*** Task data ***
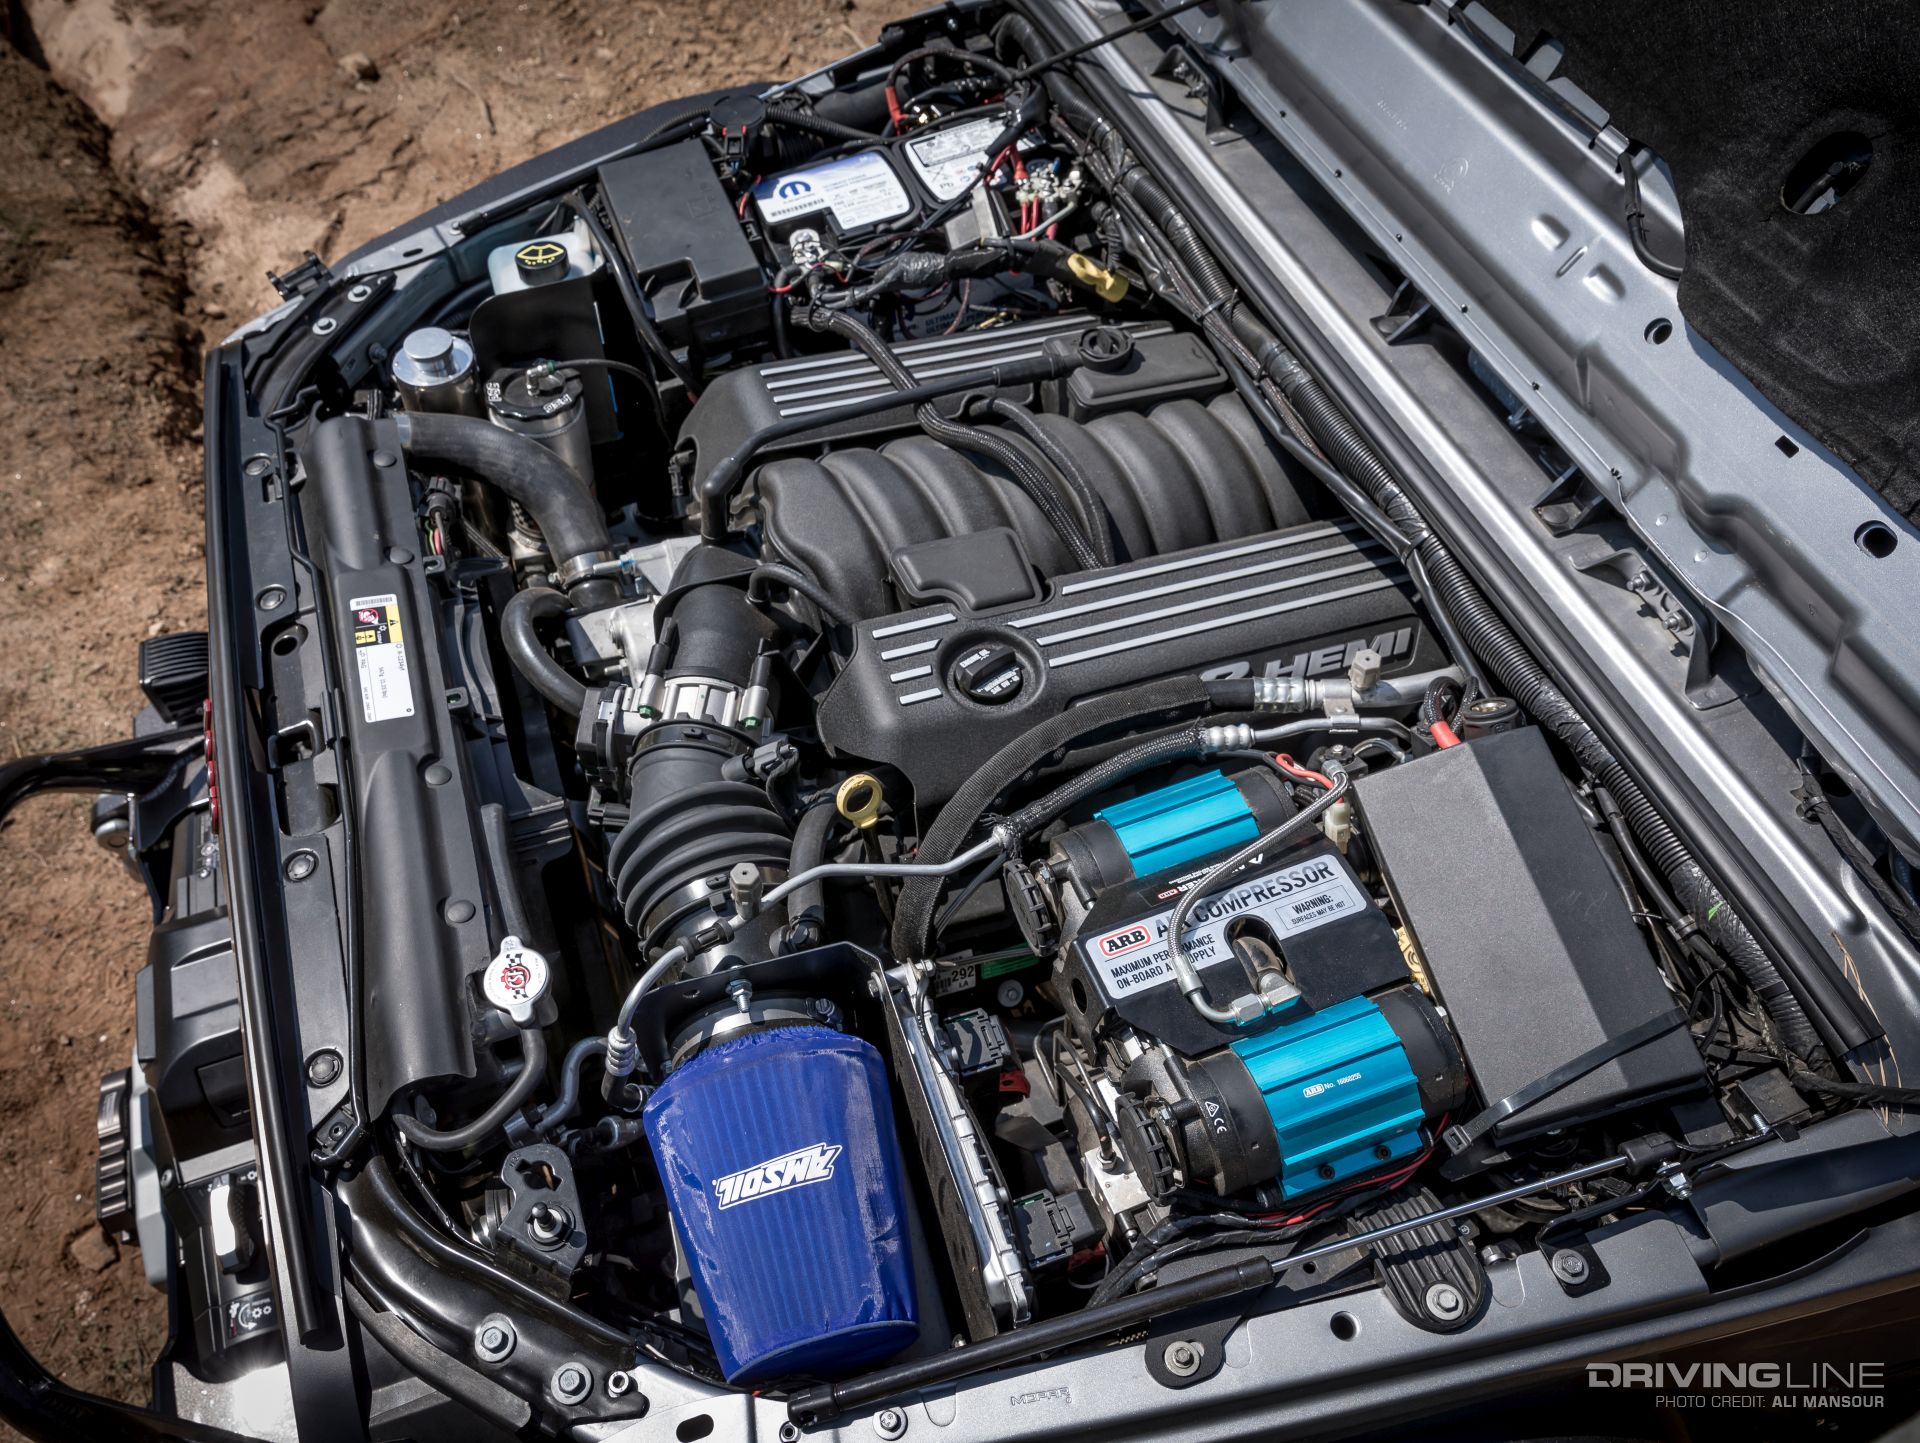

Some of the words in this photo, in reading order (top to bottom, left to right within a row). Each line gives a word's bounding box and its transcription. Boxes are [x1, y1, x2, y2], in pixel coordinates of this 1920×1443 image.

[1264, 627, 1412, 678] HEMI
[1197, 861, 1335, 923] COMPRESSOR
[1292, 894, 1333, 914] WARNING:
[1291, 912, 1317, 925] SURFACES
[1316, 907, 1328, 916] MAY
[1335, 900, 1346, 909] HOT
[1104, 929, 1147, 954] ARB
[1110, 956, 1153, 978] MAXIMUM
[1153, 933, 1216, 962] PERRMANCE
[951, 966, 975, 982] 292
[1116, 966, 1164, 989] ON-BOARD
[716, 1144, 839, 1207] AMSOIL
[1011, 1387, 1069, 1406] MOPAR
*** End of Task data ***
* Exercise prompt *
Images stay out; the entries above are to be printed exactly.

* Exercise answer *
Some of the words in this photo, in reading order (top to bottom, left to right within a row). Each line gives a word's bounding box and its transcription. Boxes are [x1, y1, x2, y2], in pixel coordinates of this 1920×1443 image.

[1264, 627, 1412, 678] HEMI
[1197, 861, 1335, 923] COMPRESSOR
[1292, 894, 1333, 914] WARNING:
[1291, 912, 1317, 925] SURFACES
[1316, 907, 1328, 916] MAY
[1335, 900, 1346, 909] HOT
[1104, 929, 1147, 954] ARB
[1110, 956, 1153, 978] MAXIMUM
[1153, 933, 1216, 962] PERRMANCE
[951, 966, 975, 982] 292
[1116, 966, 1164, 989] ON-BOARD
[716, 1144, 839, 1207] AMSOIL
[1011, 1387, 1069, 1406] MOPAR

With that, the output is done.